How To Use Credit Card Payoff Calculator Excel Template?

Enter your credit card balance, interest rate, and the monthly payment. Then, choose whether you want or need to pay off with, fixed payments, and by a certain date. The list accommodates up to the 8 credit cards. If you select the minimum only payment option. The result tells you how long it will take to pay off the credit cards and how much interest and the principal you will have to ultimately pay.

The fixed payment option will detail you how much longer it will take to pay off the debt based on the fixed payment you enter. If you select the debt-free deadline and the credit card pay off calculator easily lets you know how much you have to pay each month to meet the timeline. The fixed payment and the debt-free deadline options are can very easily create a detailed repayment plan. You should also check the Debt Snowball Calculator Template .

The calculator displays the total credit card balance and the total minimum payments. It creates a repayment schedule based on the repayment strategy. The repayment schedule shows each credit card and also the monthly payment you make until the credit card is repaid. You can easily download a spreadsheet of the repayment plan for future reference.

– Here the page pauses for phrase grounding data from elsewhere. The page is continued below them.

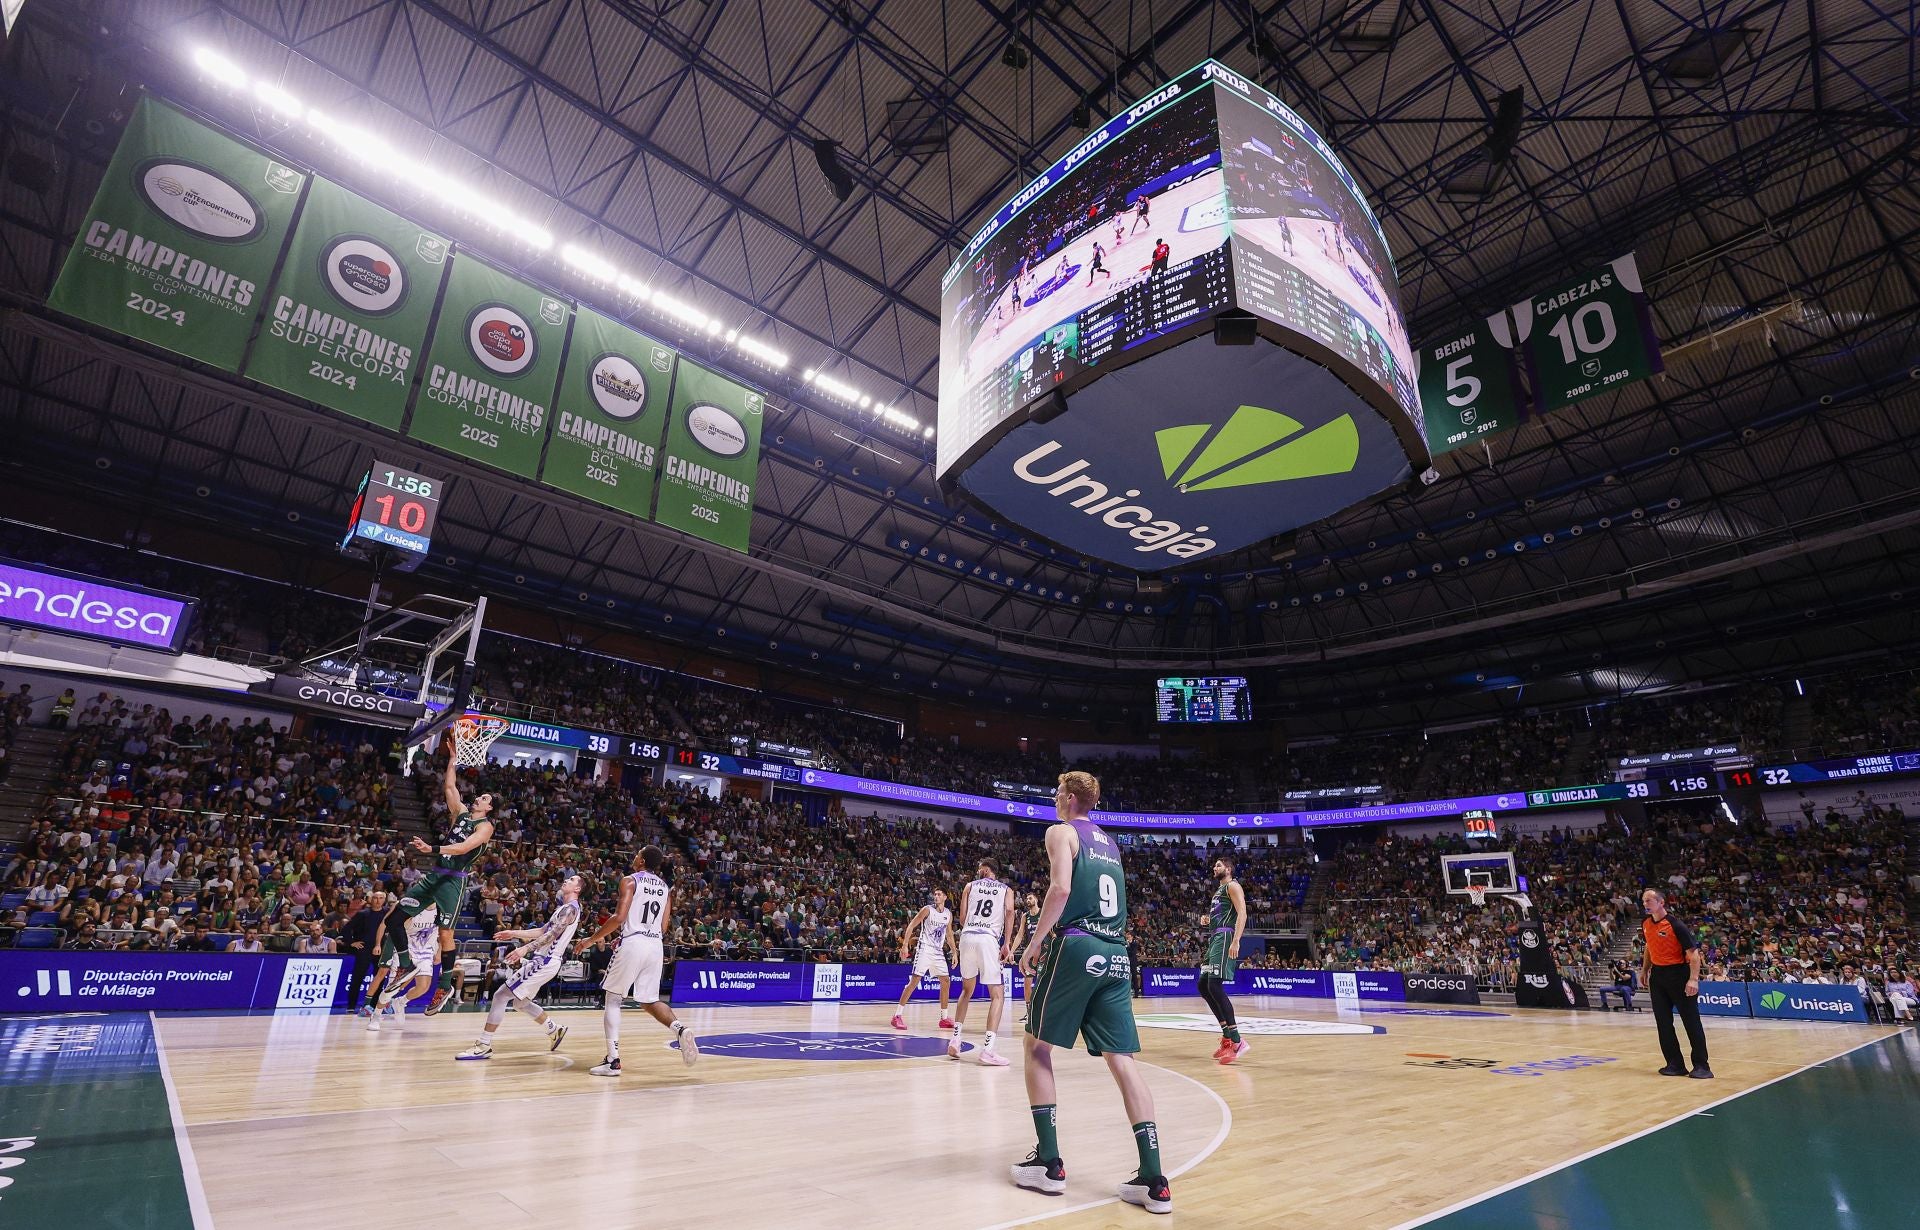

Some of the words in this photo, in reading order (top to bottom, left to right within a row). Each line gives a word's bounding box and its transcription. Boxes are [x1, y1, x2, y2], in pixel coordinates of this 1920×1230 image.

[1202, 63, 1250, 95] Joma
[1126, 82, 1181, 124] Joma
[1266, 97, 1305, 134] Joma
[1064, 129, 1110, 171] Joma
[1316, 138, 1345, 177] Joma
[183, 197, 198, 206] CUP
[1010, 176, 1049, 214] Joma
[185, 191, 252, 226] INTERCONTINENTAL
[969, 218, 999, 256] Joma
[85, 220, 256, 307] CAMPEONES
[344, 260, 388, 284] supercopa
[1163, 260, 1194, 277] PETRASEK
[82, 245, 116, 265] FIBA
[126, 260, 247, 316] INTERCONTINENTAL
[346, 268, 387, 290] endesa
[1164, 270, 1191, 286] PANTZAR
[152, 283, 177, 297] CUP
[1164, 284, 1184, 296] SYLLA
[1536, 273, 1612, 316] CABEZAS
[1165, 294, 1181, 305] FONT
[1166, 298, 1196, 315] HLINASON
[126, 292, 186, 327] 2024
[1166, 307, 1200, 325] LAZAREVIC
[1087, 313, 1100, 325] FREY
[272, 295, 412, 371] CAMPEONES
[488, 331, 511, 345] Copa
[1549, 301, 1617, 364] 10
[270, 320, 407, 386] SUPERCOPA
[497, 342, 512, 353] Rey
[1052, 349, 1065, 363] 32
[1091, 344, 1112, 359] ZECEVIC
[1435, 333, 1476, 361] BERNI
[308, 360, 357, 391] 2024
[1022, 369, 1034, 384] 39
[1034, 369, 1052, 383] FALTAS
[1054, 371, 1064, 382] 11
[1446, 354, 1482, 407] 5
[1566, 384, 1591, 399] 2000
[1603, 369, 1629, 385] 2009
[429, 364, 544, 428] CAMPEONES
[598, 378, 621, 393] FINAL
[620, 385, 641, 400] FOUR
[1022, 384, 1042, 402] 1:56
[427, 388, 468, 412] COPA
[474, 403, 504, 425] DEL
[510, 417, 540, 438] REY
[460, 423, 499, 448] 2025
[559, 410, 655, 467] CAMPEONES
[1447, 430, 1467, 444] 1999
[1477, 420, 1497, 434] 2012
[591, 450, 618, 470] BCL
[384, 471, 432, 497] 1:56
[585, 465, 618, 487] 2025
[666, 455, 750, 504] CAMPEONES
[666, 476, 683, 485] FIBA
[687, 481, 748, 509] INTERCONTINENTAL
[701, 494, 714, 503] CUP
[1013, 440, 1217, 559] Unicaja
[376, 494, 427, 534] 10
[691, 503, 719, 524] 2025
[384, 532, 424, 550] Unicaja
[299, 683, 393, 713] endesa
[510, 722, 560, 742] UNICAJA
[588, 735, 609, 753] 39
[629, 742, 659, 759] 1:56
[679, 750, 694, 765] 11
[701, 755, 719, 771] 32
[1856, 756, 1892, 767] SURNE
[743, 767, 761, 777] BILBAO
[761, 770, 781, 779] BASKET
[762, 763, 782, 772] SURNE
[1828, 769, 1858, 778] BILBAO
[1860, 765, 1894, 775] BASKET
[1669, 777, 1708, 792] 1:56
[1732, 772, 1752, 786] 11
[1763, 769, 1792, 785] 32
[857, 781, 880, 792] PUEDES
[880, 784, 892, 794] VER
[892, 787, 899, 795] EL
[900, 788, 922, 798] PARTIDO
[937, 793, 957, 802] MARTÍN
[1552, 789, 1599, 802] UNICAJA
[1626, 783, 1649, 798] 39
[1089, 813, 1100, 821] VER
[1107, 814, 1130, 823] PARTIDO
[1147, 815, 1168, 824] MARTÍN
[1168, 817, 1195, 825] CARPENA
[1306, 812, 1331, 821] PUEDES
[1331, 811, 1344, 820] VER
[1344, 810, 1353, 819] EL
[1353, 808, 1380, 818] PARTIDO
[1380, 807, 1390, 816] EN
[1391, 807, 1399, 815] EL
[1399, 803, 1425, 814] MARTÍN
[1425, 802, 1457, 812] CARPENA
[1465, 810, 1483, 818] 1:56
[1467, 820, 1485, 832] 10
[1099, 873, 1118, 918] 9
[640, 900, 661, 925] 19
[974, 899, 993, 917] 18
[292, 962, 321, 971] sabor
[721, 971, 758, 980] Diputación
[758, 971, 790, 980] Provincial
[820, 969, 838, 982] má
[83, 970, 163, 983] Diputación
[166, 970, 232, 982] Provincial
[297, 968, 331, 985] má
[719, 981, 729, 989] de
[730, 980, 755, 989] Málaga
[1408, 977, 1466, 991] endesa
[1524, 974, 1550, 989] Risi
[78, 984, 98, 996] de
[102, 983, 156, 998] Málaga
[285, 983, 328, 1005] laga
[816, 982, 838, 996] laga
[1336, 985, 1355, 996] laga
[1698, 994, 1740, 1007] nicaja
[1790, 997, 1854, 1014] Unicaja
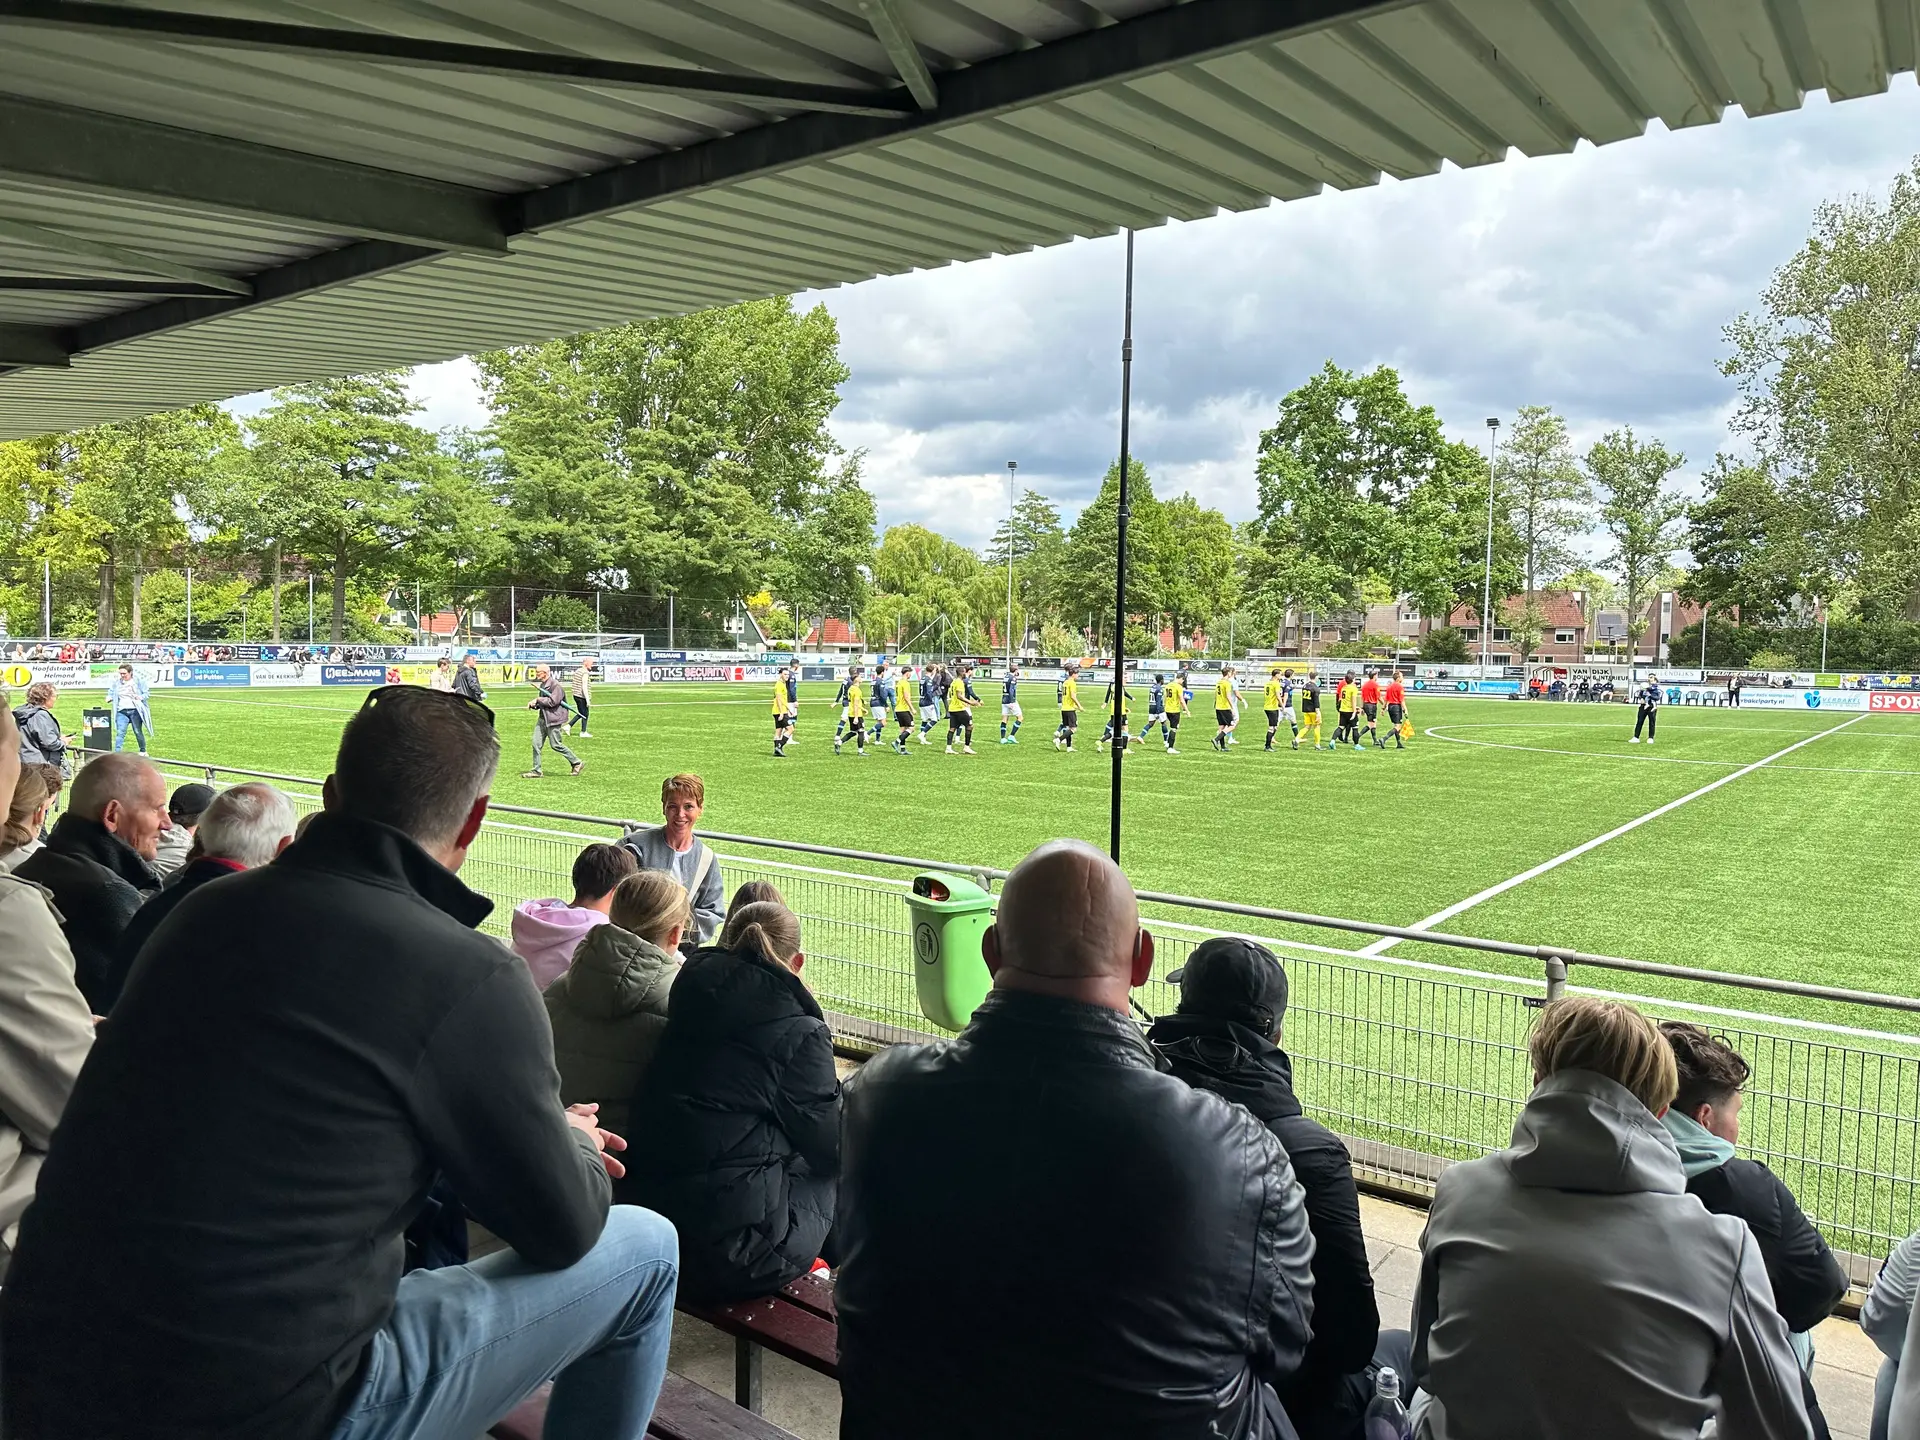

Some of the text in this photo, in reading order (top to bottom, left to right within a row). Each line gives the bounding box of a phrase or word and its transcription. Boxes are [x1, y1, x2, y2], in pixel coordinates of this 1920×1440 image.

[32, 665, 74, 673] Hoofdstraat
[662, 667, 725, 678] TKS SECURITY
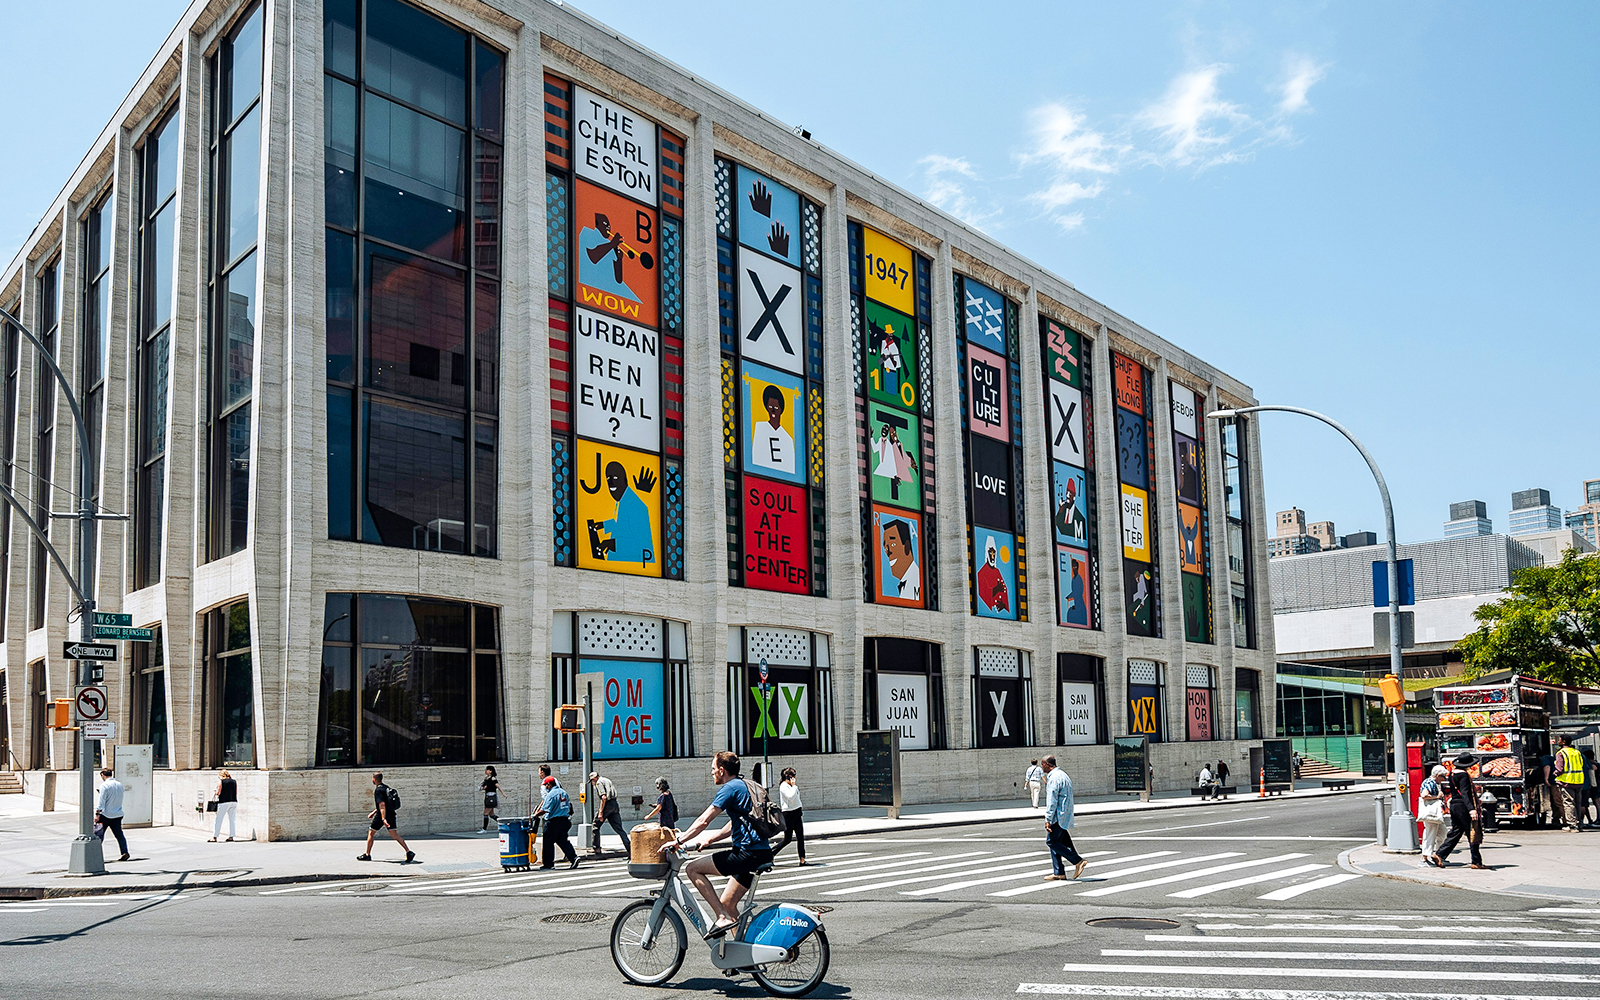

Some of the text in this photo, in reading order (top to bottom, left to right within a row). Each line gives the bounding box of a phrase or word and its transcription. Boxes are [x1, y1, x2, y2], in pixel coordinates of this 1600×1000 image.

[590, 100, 633, 137] THE
[578, 120, 648, 167] CHARL
[586, 147, 651, 193] ESTON
[636, 210, 652, 244] B
[866, 253, 908, 290] 1947
[582, 287, 639, 318] WOW
[746, 268, 795, 356] X
[578, 314, 656, 357] URBAN
[589, 353, 641, 387] REN
[974, 366, 992, 386] CU
[982, 384, 998, 404] LT
[1126, 376, 1140, 394] FLE
[580, 384, 652, 420] EWAL
[1117, 388, 1140, 408] ALONG
[976, 401, 1000, 424] URE
[1052, 392, 1080, 454] X
[608, 417, 620, 438] ?
[769, 438, 782, 463] E
[1190, 443, 1196, 467] H
[580, 452, 602, 494] J
[975, 472, 1006, 496] LOVE
[1076, 474, 1084, 497] T
[750, 488, 798, 514] SOUL
[1124, 500, 1142, 517] SHE
[760, 512, 782, 531] AT
[873, 511, 880, 527] R
[909, 520, 918, 540] A
[1132, 516, 1137, 530] L
[754, 530, 791, 553] THE
[1074, 520, 1084, 543] M
[1125, 529, 1142, 546] TER
[642, 548, 652, 569] P
[746, 554, 807, 586] CENTER
[1060, 552, 1066, 572] E
[891, 688, 915, 702] SAN
[1070, 694, 1087, 705] SAN
[1188, 692, 1206, 706] HON
[886, 707, 918, 720] JUAN
[989, 690, 1010, 738] X
[1068, 709, 1089, 720] JUAN
[1195, 706, 1207, 721] OR
[610, 715, 652, 745] AGE
[890, 726, 916, 738] ILL
[1070, 724, 1088, 736] HILL
[792, 918, 808, 928] bike

Most people also know that how toughest part of paying off credit card debt is the commitment not to easily use it again for any transactions. Everybody can commit to their designated payoff plan. But, there is always a temptation to use it again and again with some consideration that they still have few budgets to pay. They also will earn some money to easily pay it later. But, it is much common also that they are running out of the credit card limits. And the money budgeted for the credit card payment is already spent on the other things.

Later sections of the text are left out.